(Saved data entries)

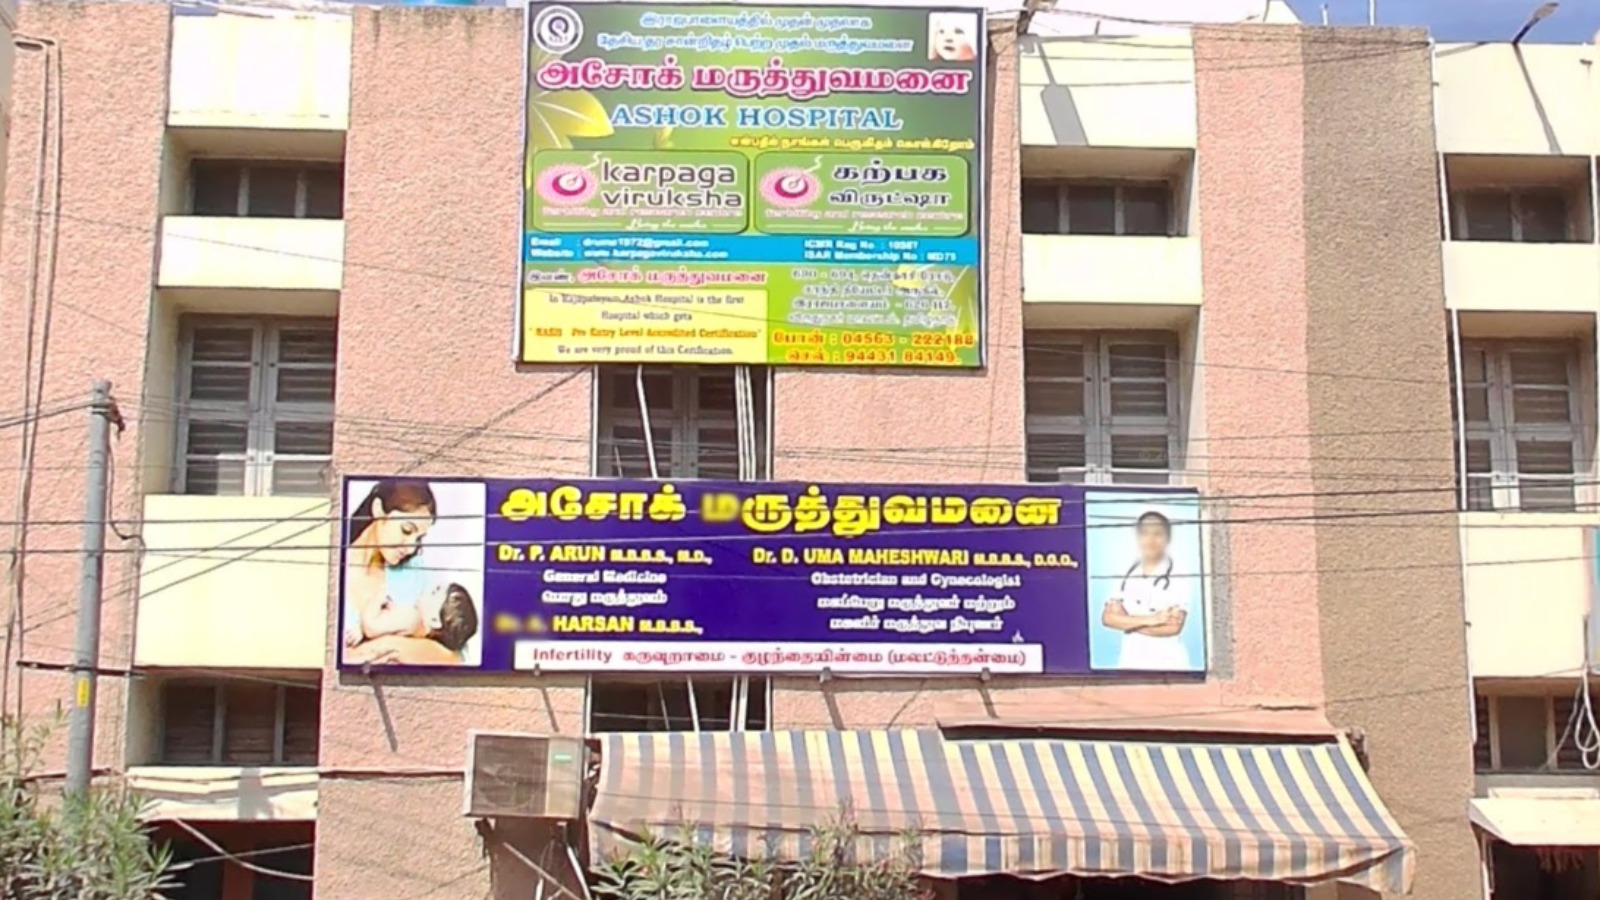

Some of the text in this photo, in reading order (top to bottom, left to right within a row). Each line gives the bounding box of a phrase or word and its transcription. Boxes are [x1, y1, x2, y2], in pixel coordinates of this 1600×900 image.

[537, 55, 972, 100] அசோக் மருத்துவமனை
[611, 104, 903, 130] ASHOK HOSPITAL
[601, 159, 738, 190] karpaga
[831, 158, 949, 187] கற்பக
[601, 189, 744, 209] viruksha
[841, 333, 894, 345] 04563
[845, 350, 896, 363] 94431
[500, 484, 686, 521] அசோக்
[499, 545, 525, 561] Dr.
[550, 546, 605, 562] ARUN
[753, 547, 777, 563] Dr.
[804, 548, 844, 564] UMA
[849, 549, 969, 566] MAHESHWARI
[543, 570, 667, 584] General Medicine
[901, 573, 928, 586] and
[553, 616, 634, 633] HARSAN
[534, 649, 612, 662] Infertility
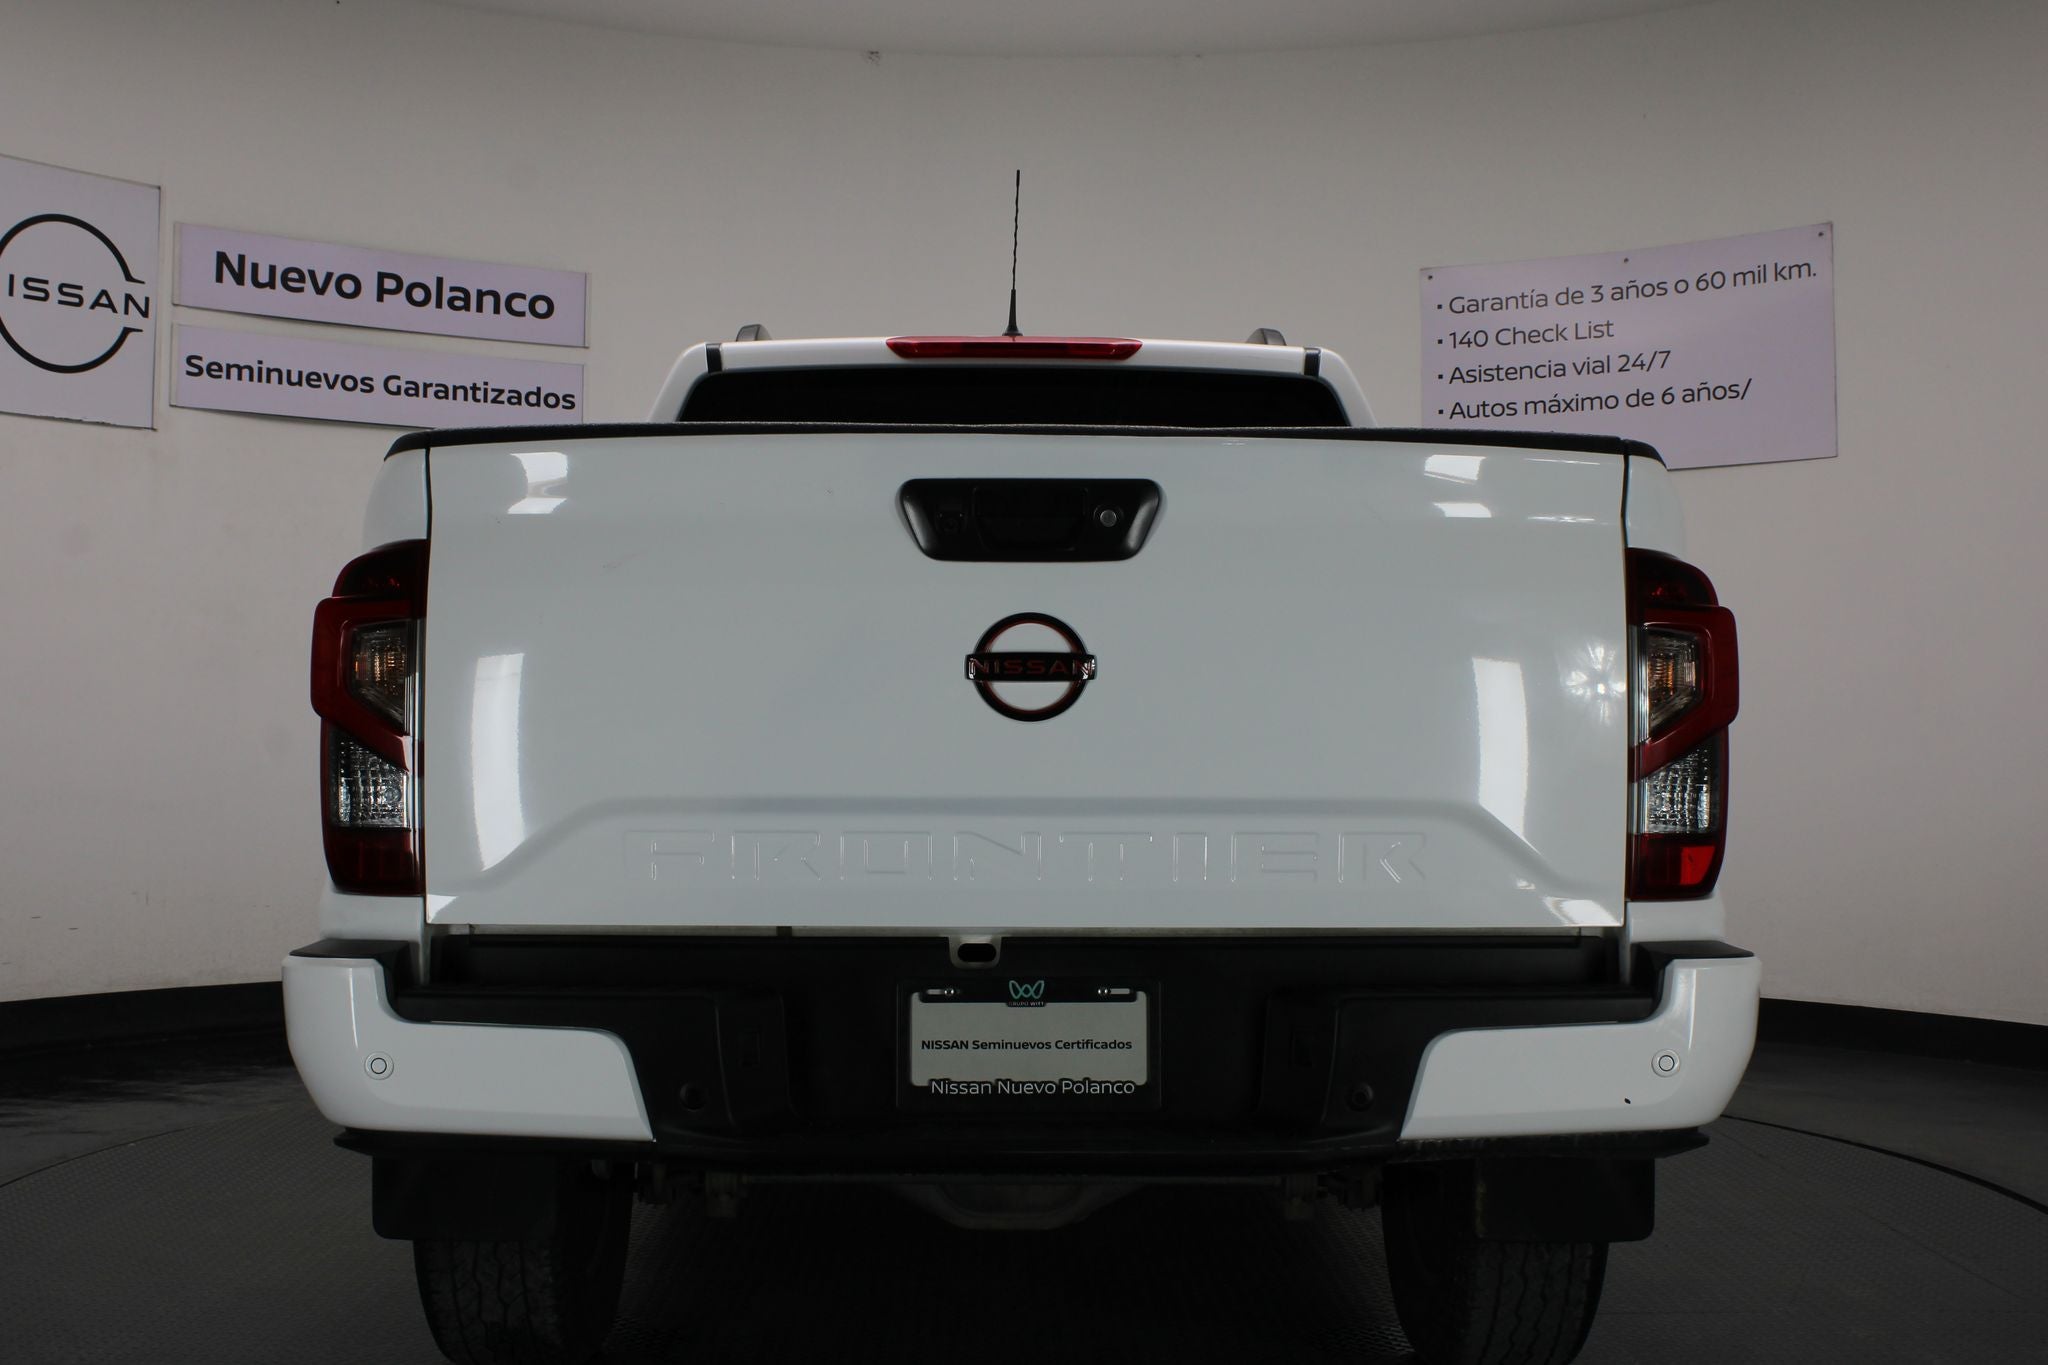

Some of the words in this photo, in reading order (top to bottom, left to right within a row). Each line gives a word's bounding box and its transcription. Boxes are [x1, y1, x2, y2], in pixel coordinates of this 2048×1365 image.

> **ABOUT THIS EXERCISE**: The lines above should be transcribed exactly, with every image removed.

> **RESULT OF THE TASK**:
Some of the text in this photo, in reading order (top to bottom, left to right within a row). Each line gives the bounding box of a phrase or word and its transcription. Boxes are [x1, y1, x2, y2], in pixel coordinates of this 1600×900 image.

[537, 55, 972, 100] அசோக் மருத்துவமனை
[611, 104, 903, 130] ASHOK HOSPITAL
[601, 159, 738, 190] karpaga
[831, 158, 949, 187] கற்பக
[601, 189, 744, 209] viruksha
[841, 333, 894, 345] 04563
[845, 350, 896, 363] 94431
[500, 484, 686, 521] அசோக்
[499, 545, 525, 561] Dr.
[550, 546, 605, 562] ARUN
[753, 547, 777, 563] Dr.
[804, 548, 844, 564] UMA
[849, 549, 969, 566] MAHESHWARI
[543, 570, 667, 584] General Medicine
[901, 573, 928, 586] and
[553, 616, 634, 633] HARSAN
[534, 649, 612, 662] Infertility

Some of the words in this photo, in reading order (top to bottom, left to right within a row). Each line gives a word's bounding box and its transcription. Boxes are [x1, y1, x2, y2], in pixel coordinates of this 2048×1365 image.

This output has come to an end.